While O’Brien sensitively – and rightly – declined to question the father’s view that despite his reservations about Johnson’s former advisor, Cummings was “telling the truth as I saw it”, the radio host’s uncritical view of Cummings’ testimony led him to wholeheartedly accept the former senior political advisor’s version of events by only now condemning Matt Hancock, a minister so embroiled in scandal that he once farmed out NHS test tube contracts to a mate with no previous experience of producing medical supplies.
But ultimately, the question of who is most to blame for the Covid-19 fiascos outlined in Cummings’ testimony is irrelevant. With a government so inured to scandal and seemingly impervious to ministerial ethics, it’s unlikely Hancock will resign. And with Cummings already on the outside pissing in, there isn’t much to gain by apportioning blame to one specific head of the beast. It only serves to make the government as a whole seem less monstrous.
What’s clear, though, is that the government is unified in a single purpose: prioritising the economic status quo over human life – whatever the cost.
This injustice is the result of a system that’s working, not a side-effect of a broken one. For liberals like O’Brien, the only way structural issues can be packaged in an appealing way is when they’re embodied by a villain like Cummings or taken head-on by a champion of their cause – someone well-meaning but politically unaligned like Marcus Rashford. And anyone but Jeremy Corbyn.

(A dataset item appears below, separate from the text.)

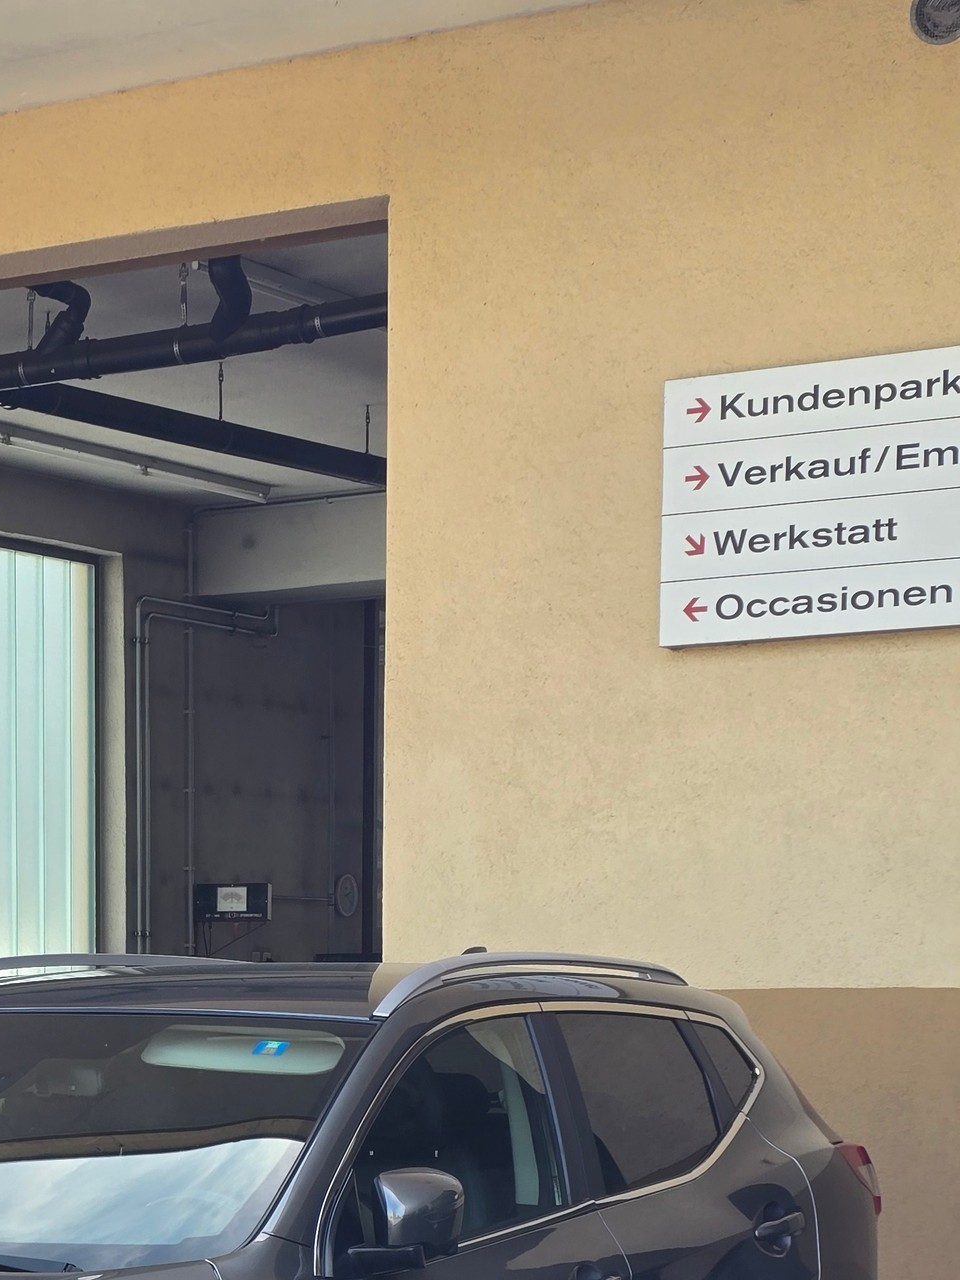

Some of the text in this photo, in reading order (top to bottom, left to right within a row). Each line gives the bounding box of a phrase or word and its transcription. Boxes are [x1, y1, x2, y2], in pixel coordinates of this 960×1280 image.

[720, 368, 960, 420] Kundenpark
[717, 443, 959, 488] Verkauf/Em
[713, 518, 898, 556] Werkstatt
[715, 583, 953, 620] Occasionen

O’Brien is a smart person – or at least, he has the veneer of intelligence. But by praising the integrity of arch-neoliberals and Thatcherites like John Major and, Tony Blair for simply picking one side of the Brexit culture war over another, he reveals how easy it is for the right to dupe the centre. And it’s made even easier when liberal commentators spend their time jealously guarding their left-flank while totally ignoring their right.
Now, in 2021, while opining on Keir Starmer’s lack of a policy platform on Owen Jones’ podcast, O’Brien called for the Labour leader to outline his vision for the country, dismissing Jones’ suggestion that Corbyn’s transformative agenda may have fit the bill by equating the former Labour leader with Johnson, describing both as “absolutely awful”. He made no attempt to re-evaluate Corbyn’s ideas in light of Starmer’s lack of vision.

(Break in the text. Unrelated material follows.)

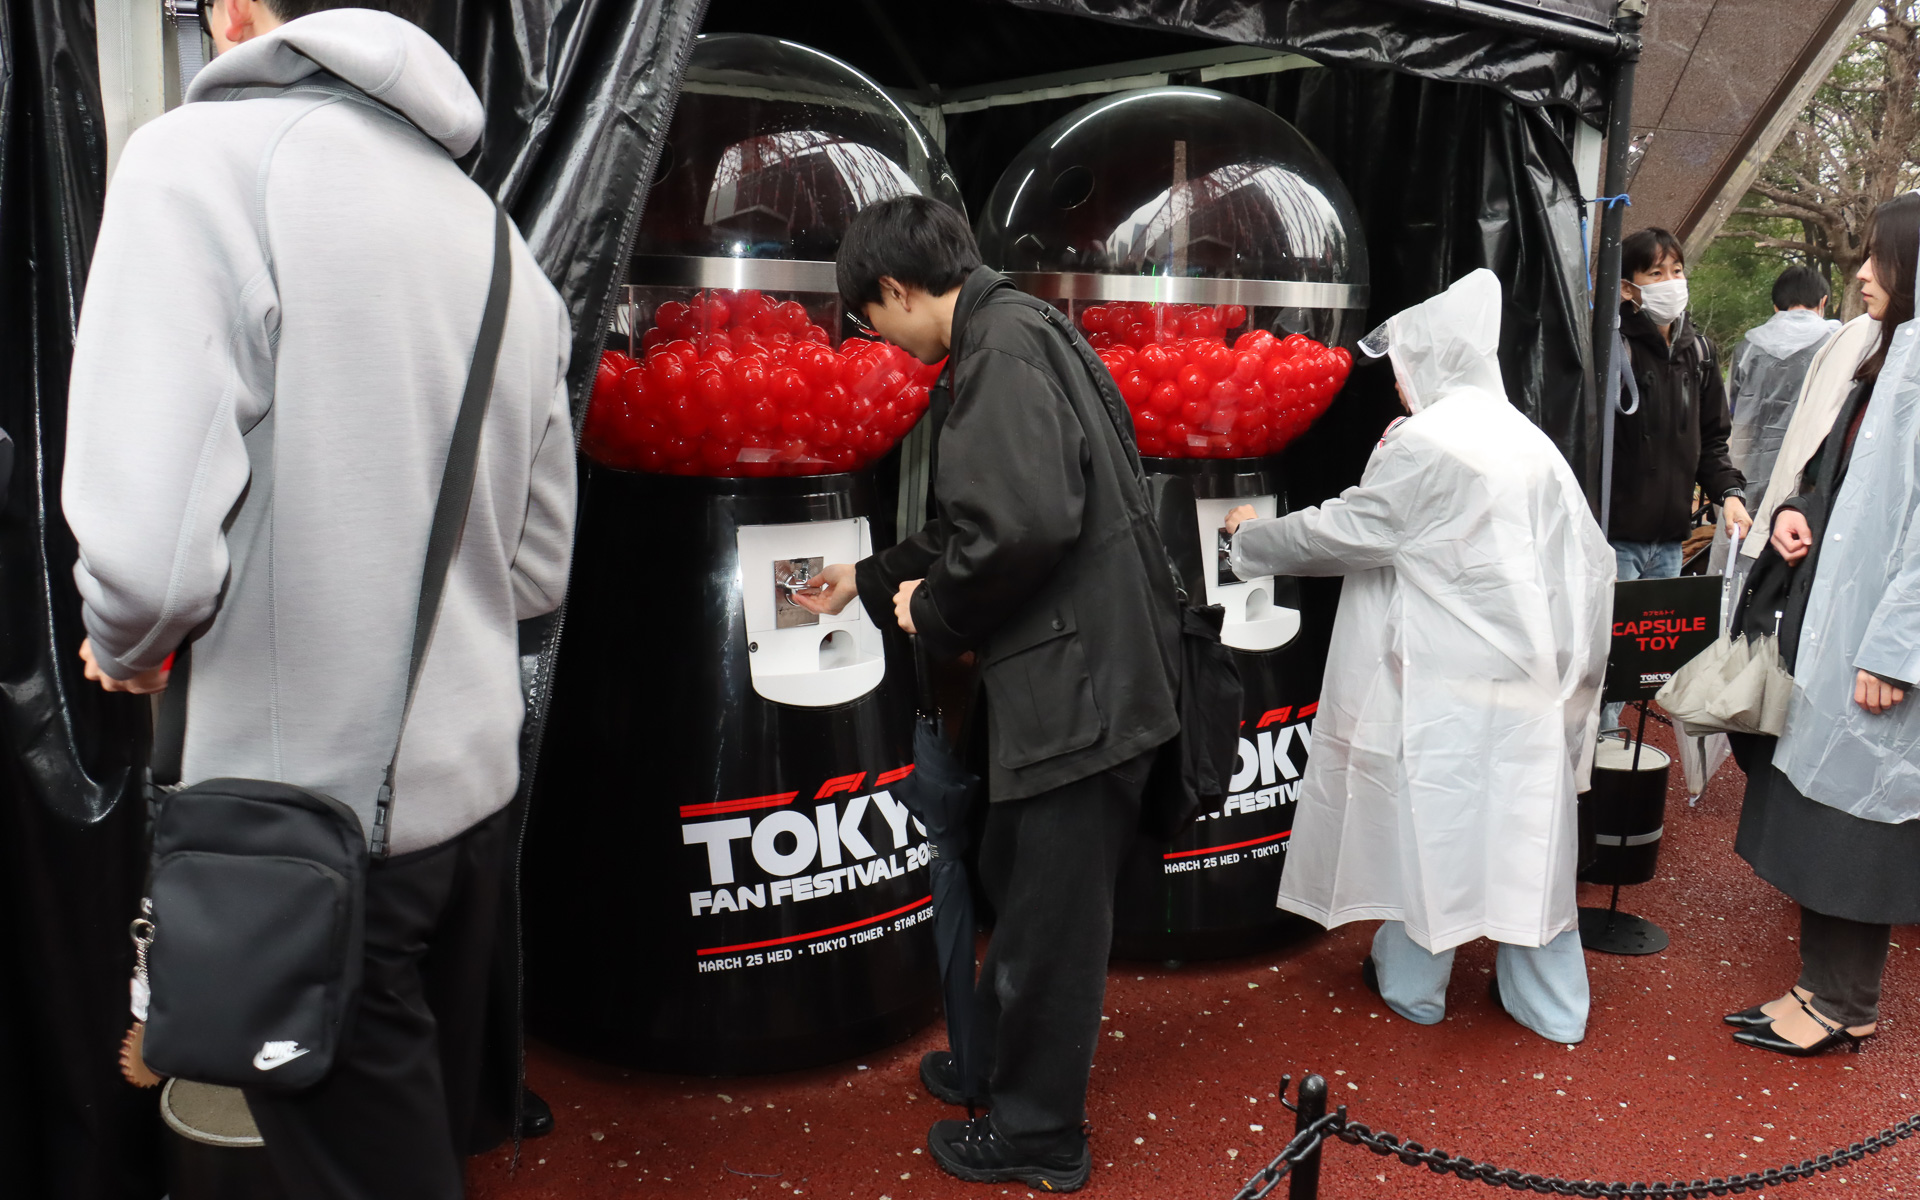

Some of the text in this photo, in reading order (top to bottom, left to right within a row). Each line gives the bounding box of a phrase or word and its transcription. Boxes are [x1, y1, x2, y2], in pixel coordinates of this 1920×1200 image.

That said, O’Brien is far from the only example of this hypocrisy in the UK, but as someone who champions left-of-centre politics while working against the only movement capable of delivering a left-of-centre government, he is emblematic of the wider problem.
Painting political actors in such broad brushstrokes means that centrists are unable to reckon with the reality that there are no heroes or villains in politics. There are only systems, those who reinforce them and those who won’t. Wrestling with this idea would force them to confront the fact that the people who are willing to oppose these systems are those for whom the system does not work.
Failure by the liberal press to understand the distinction between political players genuinely opposed to injustice, and those charading as anti-establishment while reinforcing the status quo, puts any meaningful social change in jeopardy by ceding the centre of politics ever further right.
It’s embarrassing that Cummings’ redemption arc – after presiding over one of the worst Covid-19 death tolls in the world – may hinge on a few cutting jibes thrown at Hancock and batting his eyelids in Starmer’s direction.
Jamie Medwell is a media officer, writer and journalist.